- [Spatial localization data]:
__________
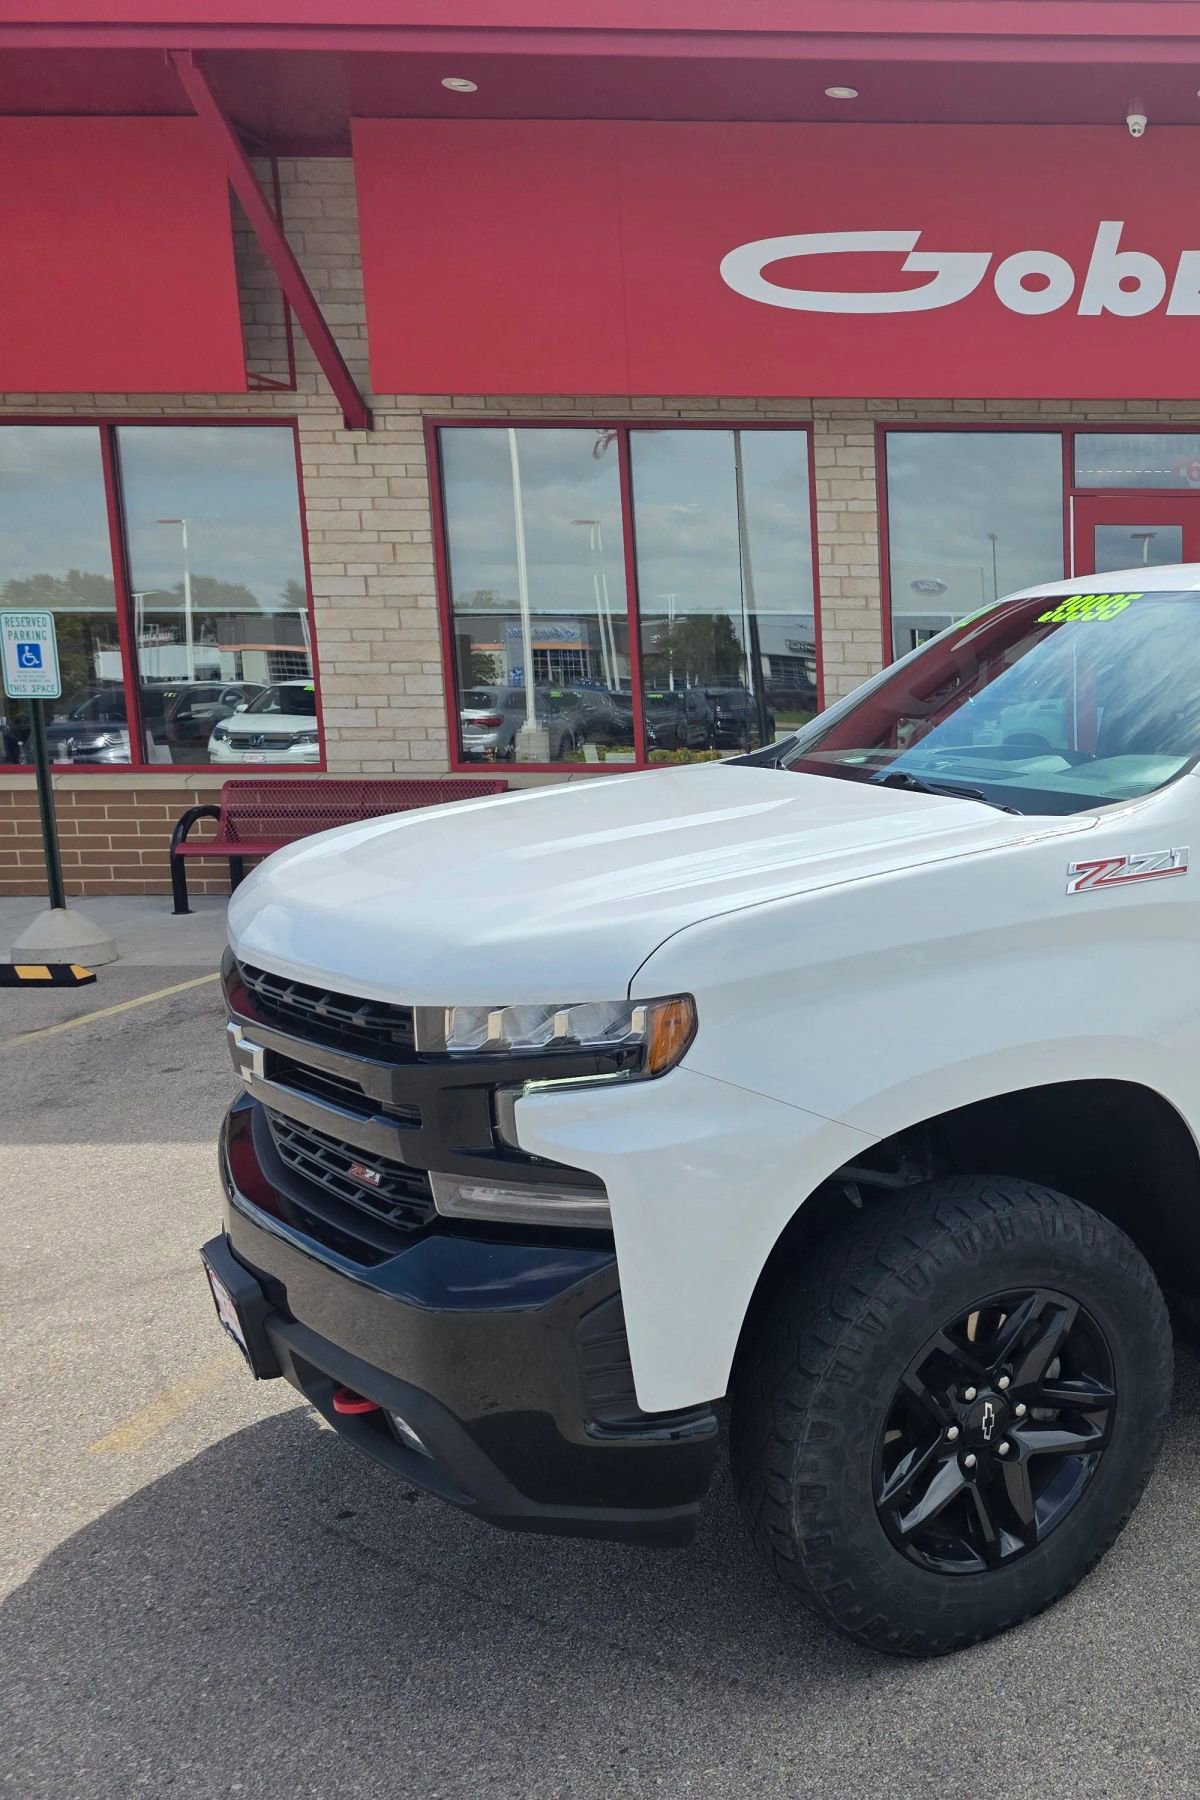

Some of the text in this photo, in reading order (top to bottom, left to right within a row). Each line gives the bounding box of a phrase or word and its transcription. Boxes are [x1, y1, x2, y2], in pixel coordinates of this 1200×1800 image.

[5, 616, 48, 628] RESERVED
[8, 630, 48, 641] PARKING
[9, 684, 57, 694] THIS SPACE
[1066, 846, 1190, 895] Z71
__________
- [Your instructions]: The output should consist of every entry above, printed exactly, with the images removed.

- [Expected output]:
Some of the text in this photo, in reading order (top to bottom, left to right within a row). Each line gives the bounding box of a phrase or word and its transcription. Boxes are [x1, y1, x2, y2], in pixel coordinates of this 1200×1800 image.

[5, 616, 48, 628] RESERVED
[8, 630, 48, 641] PARKING
[9, 684, 57, 694] THIS SPACE
[1066, 846, 1190, 895] Z71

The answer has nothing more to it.